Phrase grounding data
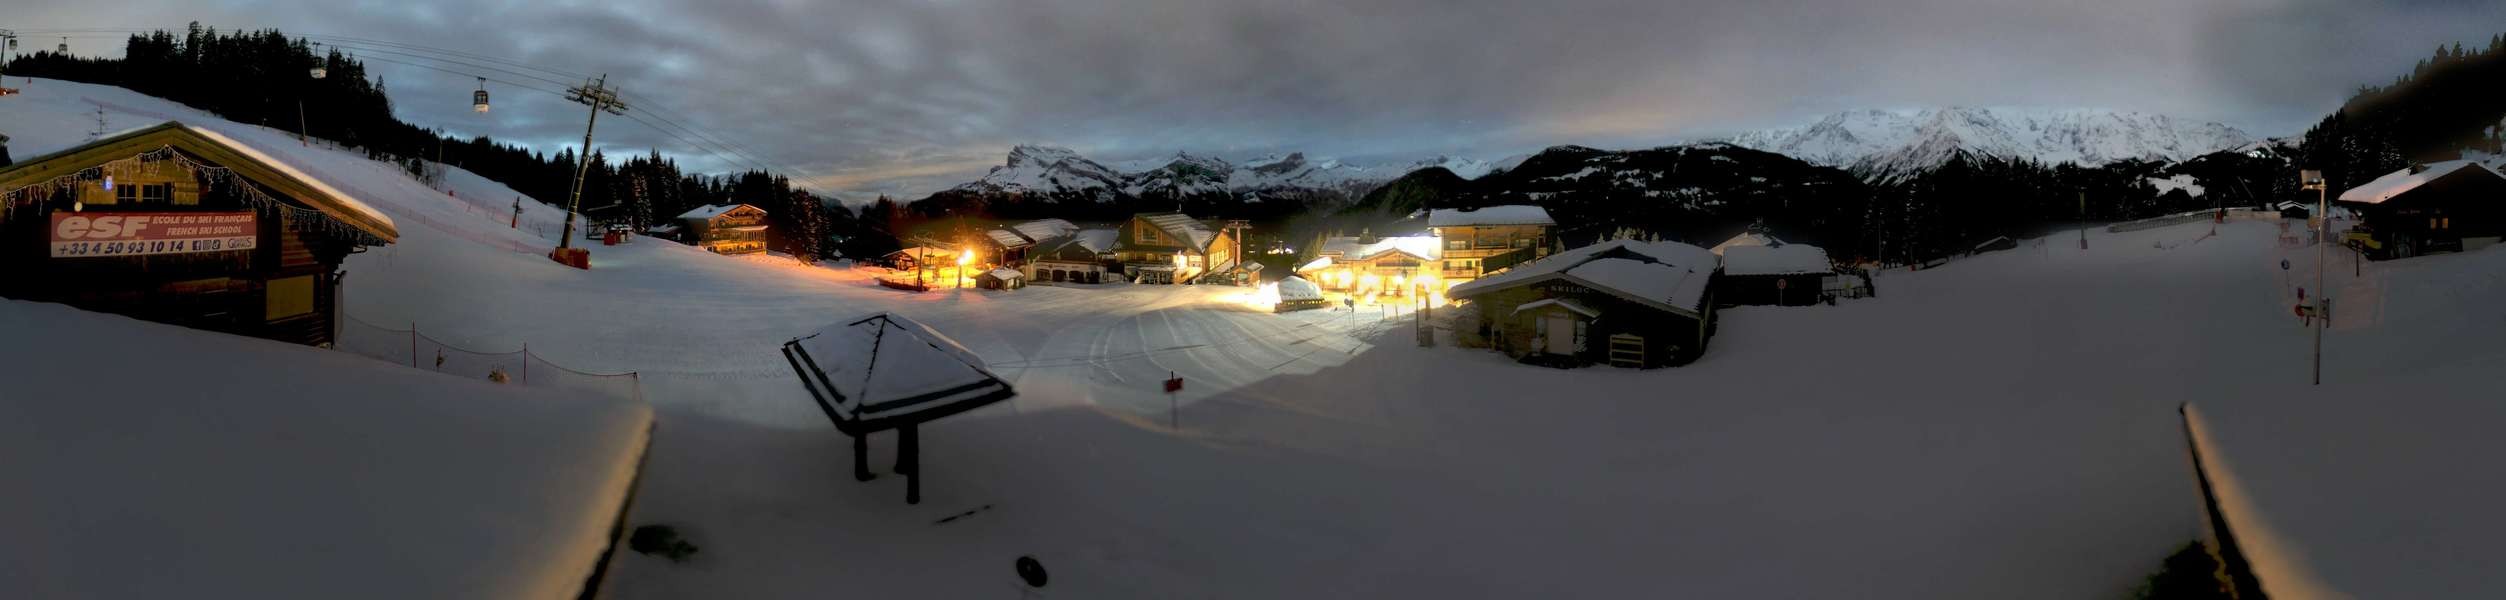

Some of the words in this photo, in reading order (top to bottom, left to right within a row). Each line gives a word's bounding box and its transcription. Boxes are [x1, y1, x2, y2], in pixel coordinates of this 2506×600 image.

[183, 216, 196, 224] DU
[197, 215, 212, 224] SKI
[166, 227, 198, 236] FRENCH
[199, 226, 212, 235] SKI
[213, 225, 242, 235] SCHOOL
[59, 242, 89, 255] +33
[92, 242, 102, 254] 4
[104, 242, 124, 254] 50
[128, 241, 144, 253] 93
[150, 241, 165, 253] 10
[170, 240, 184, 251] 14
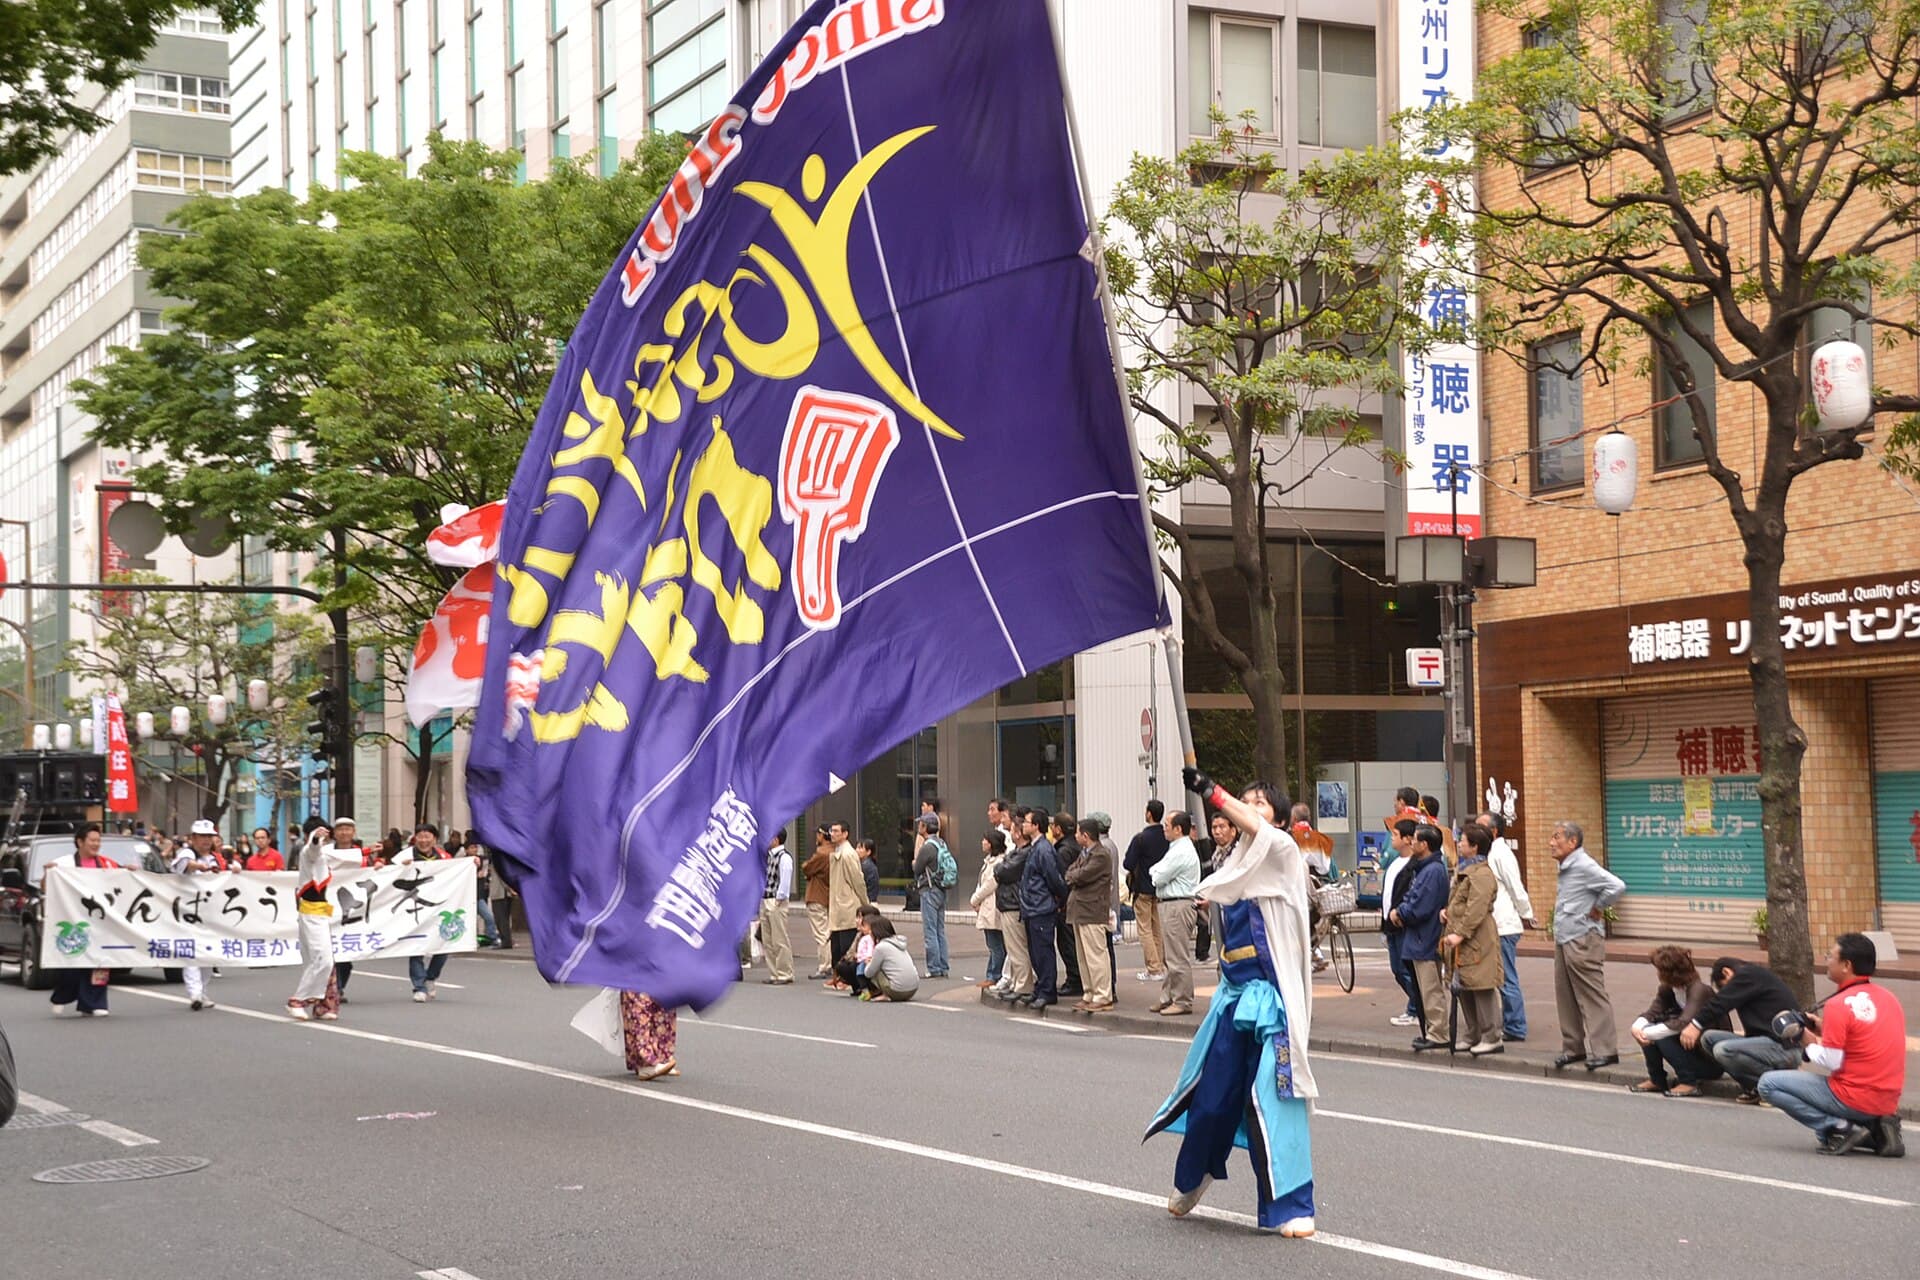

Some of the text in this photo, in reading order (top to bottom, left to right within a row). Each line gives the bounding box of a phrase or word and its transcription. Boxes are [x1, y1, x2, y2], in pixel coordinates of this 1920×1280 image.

→ **Action item**
Print all of the entries word for word. Omit the pictures they contain.

→ **Result**
Some of the words in this photo, in reading order (top to bottom, left to right within a row). Each line gives a word's bounding box and its transcription. Boxes are [x1, y1, x2, y2], in pixel coordinates of this 2506×600 image.

[183, 216, 196, 224] DU
[197, 215, 212, 224] SKI
[166, 227, 198, 236] FRENCH
[199, 226, 212, 235] SKI
[213, 225, 242, 235] SCHOOL
[59, 242, 89, 255] +33
[92, 242, 102, 254] 4
[104, 242, 124, 254] 50
[128, 241, 144, 253] 93
[150, 241, 165, 253] 10
[170, 240, 184, 251] 14

Some of the text in this photo, in reading order (top to bottom, left to right within a row). Each line gives the bounding box of a phrase or word and its transcription. Boxes are [x1, y1, x2, y2], in pixel coordinates of this 1920×1280 image.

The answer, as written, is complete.